▽

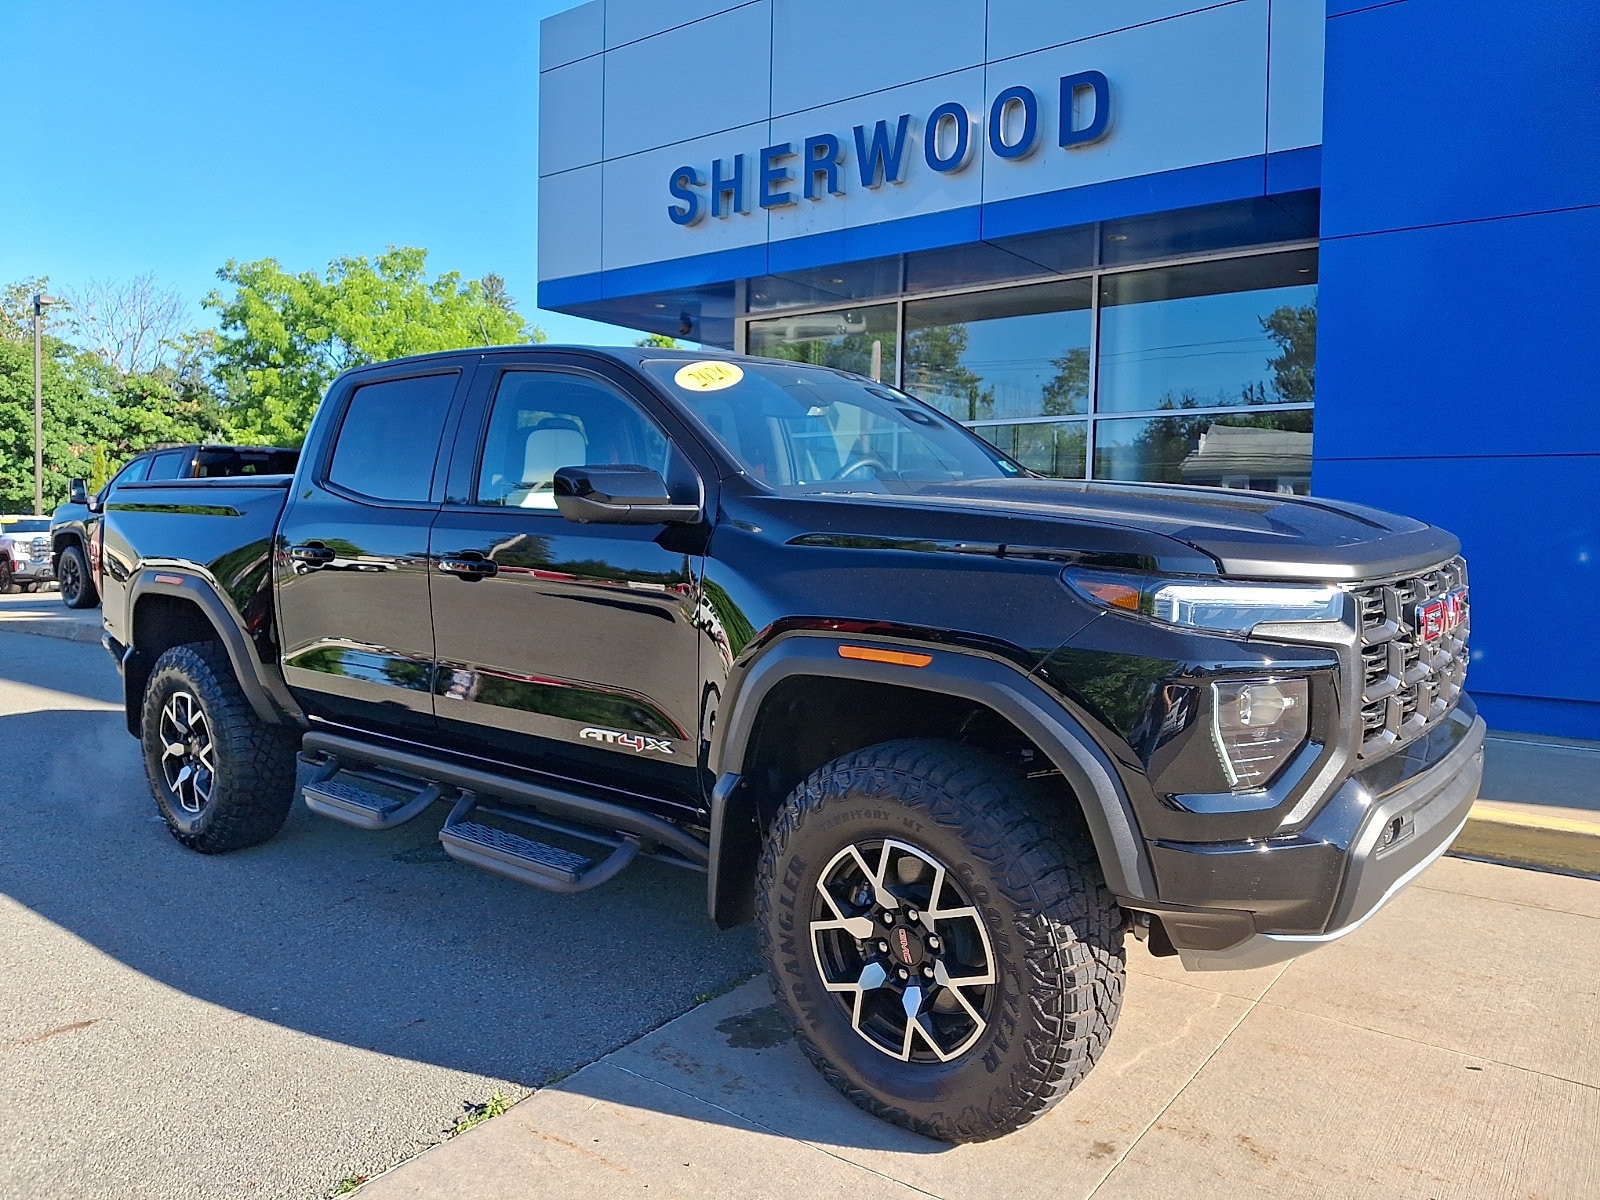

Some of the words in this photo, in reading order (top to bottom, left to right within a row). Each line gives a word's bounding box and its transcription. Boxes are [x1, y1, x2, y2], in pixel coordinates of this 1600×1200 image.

[667, 70, 1113, 227] SHERWOOD
[1416, 586, 1469, 642] GMC
[580, 727, 675, 754] AT4X
[898, 928, 913, 964] GMC
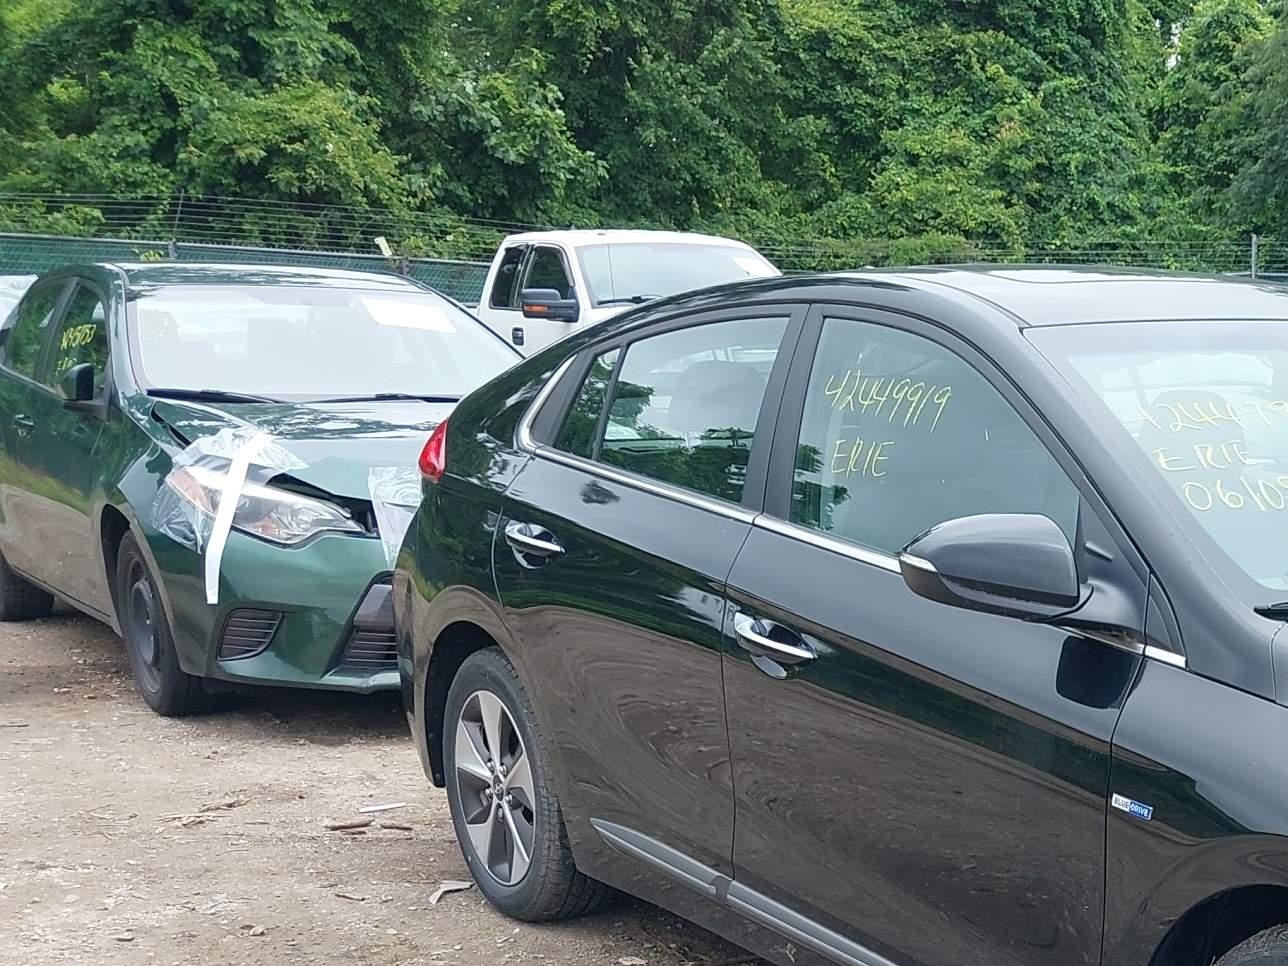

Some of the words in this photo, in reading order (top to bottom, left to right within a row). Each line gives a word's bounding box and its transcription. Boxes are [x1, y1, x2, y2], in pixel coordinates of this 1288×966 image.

[824, 369, 953, 433] 42449919
[831, 436, 896, 478] ERIE
[1152, 439, 1276, 471] ERIE
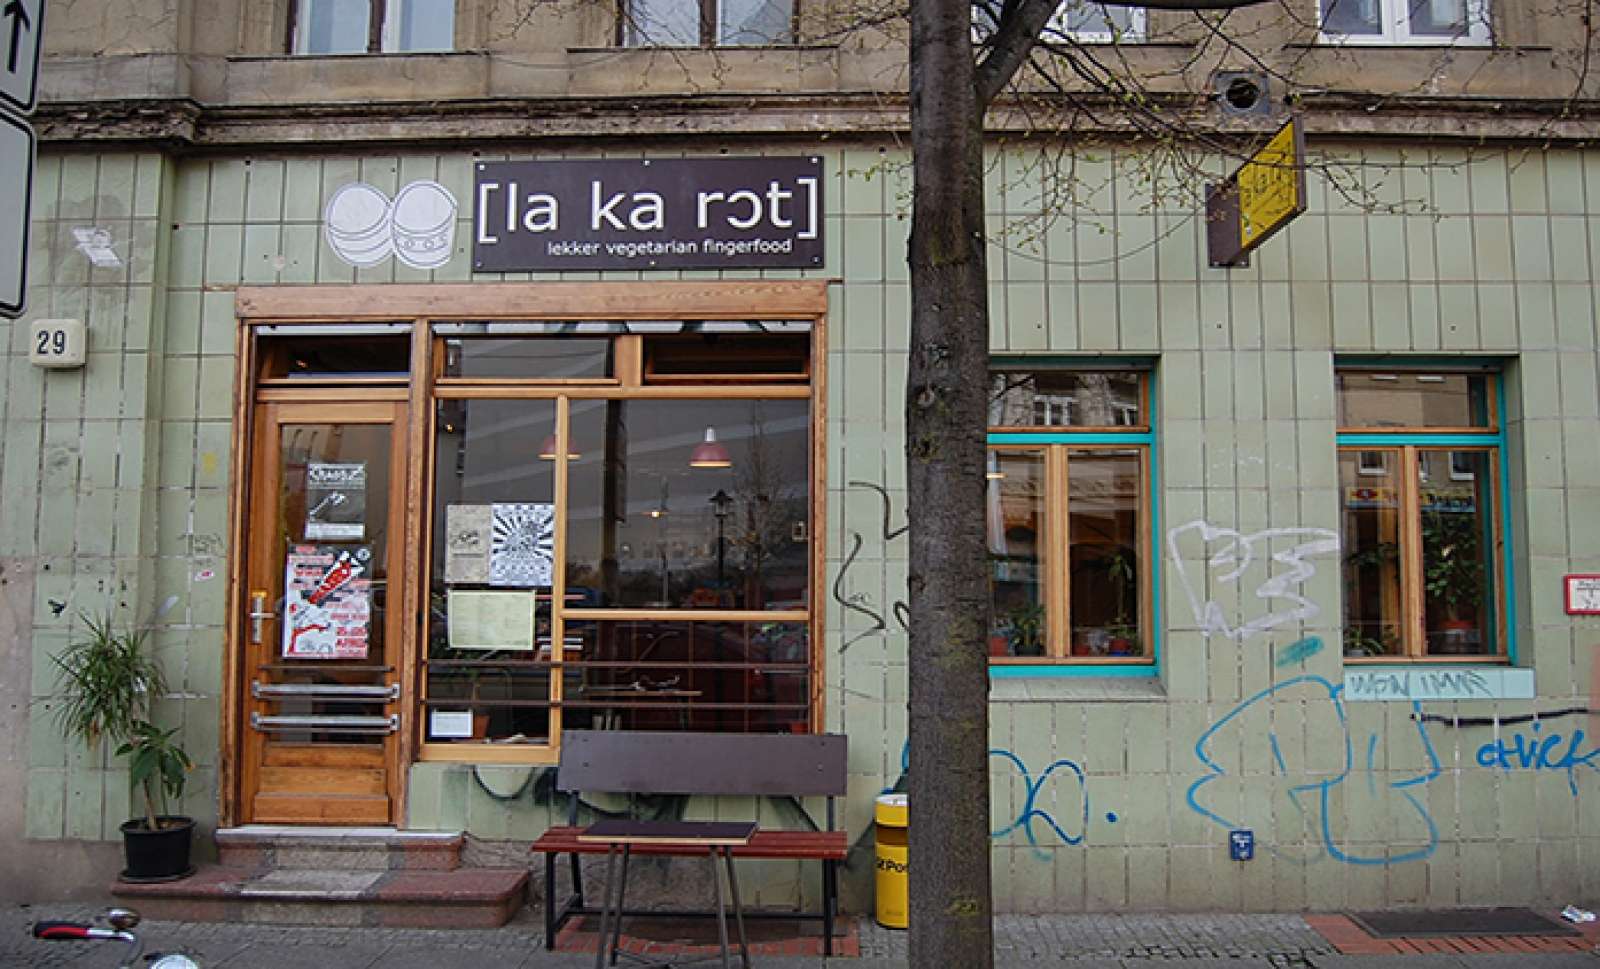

△

- _About this task_: Would you retype the material exactly, omitting each picture?

- _Completed task_:
Some of the words in this photo, in reading order (top to bottom, left to right within a row). Each line gives a word's bounding box and its transcription. Boxes are [x1, y1, x2, y2], in pixel coordinates of this 1600×1200 image.

[667, 70, 1113, 227] SHERWOOD
[1416, 586, 1469, 642] GMC
[580, 727, 675, 754] AT4X
[898, 928, 913, 964] GMC

Some of the words in this photo, in reading order (top to bottom, left to right within a row). Each line gives a word's bounding box and its transcription. Boxes are [x1, y1, x2, y2], in pixel coordinates of this 1288×966 image.

[824, 369, 953, 433] 42449919
[831, 436, 896, 478] ERIE
[1152, 439, 1276, 471] ERIE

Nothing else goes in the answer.